Boonsong's stream snake
- Conservation status: Data Deficient (IUCN 3.1)

Scientific classification
- Kingdom: Animalia
- Phylum: Chordata
- Class: Reptilia
- Order: Squamata
- Suborder: Serpentes
- Family: Colubridae
- Subfamily: Natricinae
- Genus: Isanophis David, Pauwels, T.Q. Nguyen & G. Vogel, 2015
- Species: I. boonsongi
- Binomial name: Isanophis boonsongi (Taylor & Elbel, 1958)
- Synonyms: Parahelicops boonsongi Taylor & Elbel, 1958; Opisthotropis boonsongi — W. Brown & Leviton, 1961; Opisthotrophis [sic] boonsongi — Chan-ard et al., 1999; Isanophis boonsongi — David et al., 2015;

= Boonsong's stream snake =

- Genus: Isanophis
- Species: boonsongi
- Authority: (Taylor & Elbel, 1958)
- Conservation status: DD
- Synonyms: Parahelicops boonsongi , Taylor & Elbel, 1958, Opisthotropis boonsongi , — W. Brown & Leviton, 1961, Opisthotrophis [sic] boonsongi , — Chan-ard et al., 1999, Isanophis boonsongi , — David et al., 2015
- Parent authority: David, Pauwels, T.Q. Nguyen & G. Vogel, 2015

Species of snake

Boonsong's stream snake (Isanophis boonsongi), also known as Boonsong's keelback and commonly misspelled as Boomsong, is a species of snake in the family Colubridae, subfamily Natricinae (keelbacks). It is monotypic in the genus Isanophis. The species is endemic to Thailand.

==Taxonomy==
Boonsong's stream snake is a rare snake only known from three specimens. It was originally described as Parahelicops boonsongi in 1958 on the basis of a single specimen and has since been argued by different authors to fall within either Parahelicops or Opisthotropis. Most recently, a 2015 study described a new genus, Isanophis, to accommodate this species on the basis of morphological differences in the teeth size, eye size and placement, pupil shape, keel shape, gross body morphology, and presence of a single prefrontal scale.

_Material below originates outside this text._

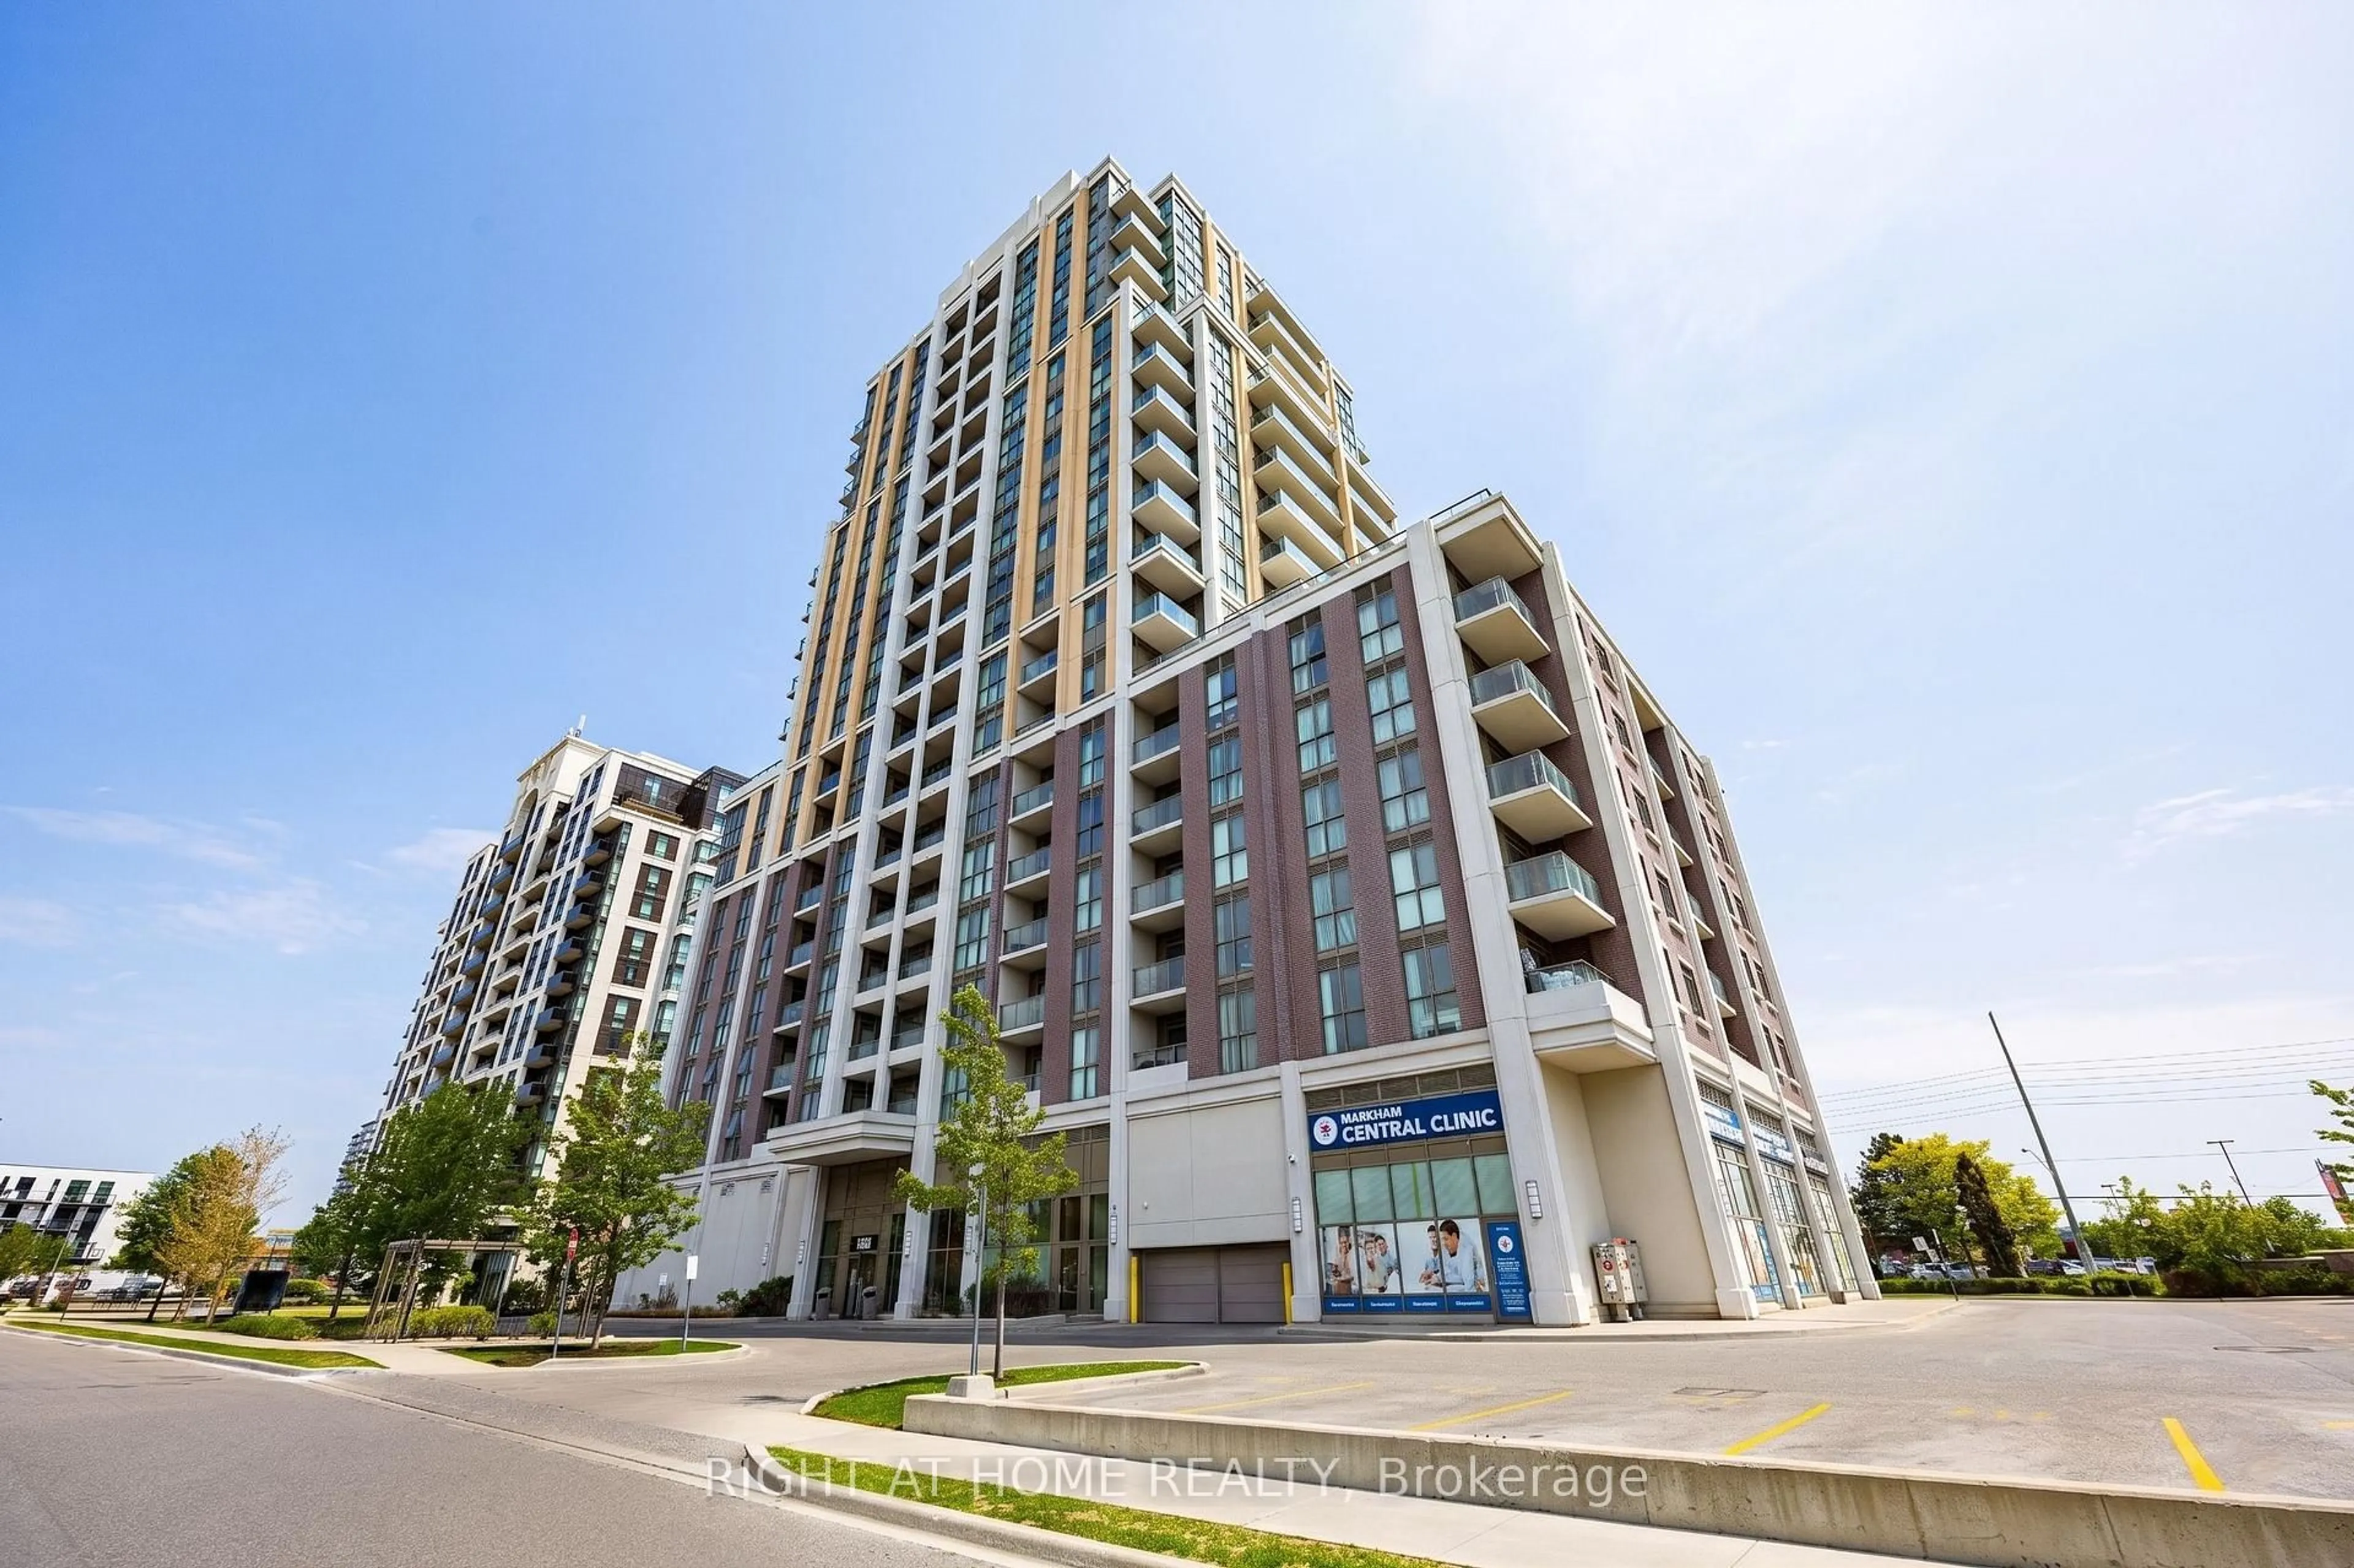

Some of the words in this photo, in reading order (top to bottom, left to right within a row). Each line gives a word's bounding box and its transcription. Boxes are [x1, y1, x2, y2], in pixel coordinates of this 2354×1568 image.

Higher taxonomy of Isanophis is variable, with some authors recognizing Natricidae as its own family and others treating it as a subfamily (Natricinae) of the family Colubridae.

==Geographic range==
I. boonsongi is known only from Loei Province in northeastern Thailand although it may occur in Laos, southern China, and Vietnam.

==Conservation status==
As it is only known from three specimens, I. boonsongi is treated as Data Deficient in The IUCN Red List of Threatened Species.

==Biology==
I. boonsongi is a nocturnal snake found in sub-montane forests and may be aquatic or semi-aquatic, feeding on frogs and fishes.

==Etymology==
The genus name Isanophis refers to Isan, a northeastern region of Thailand where it has been found, and ophis (Greek), meaning snake. The specific name, boonsongi, commemorates Thai zoologist and conservationist Dr. Boonsong Lekagul.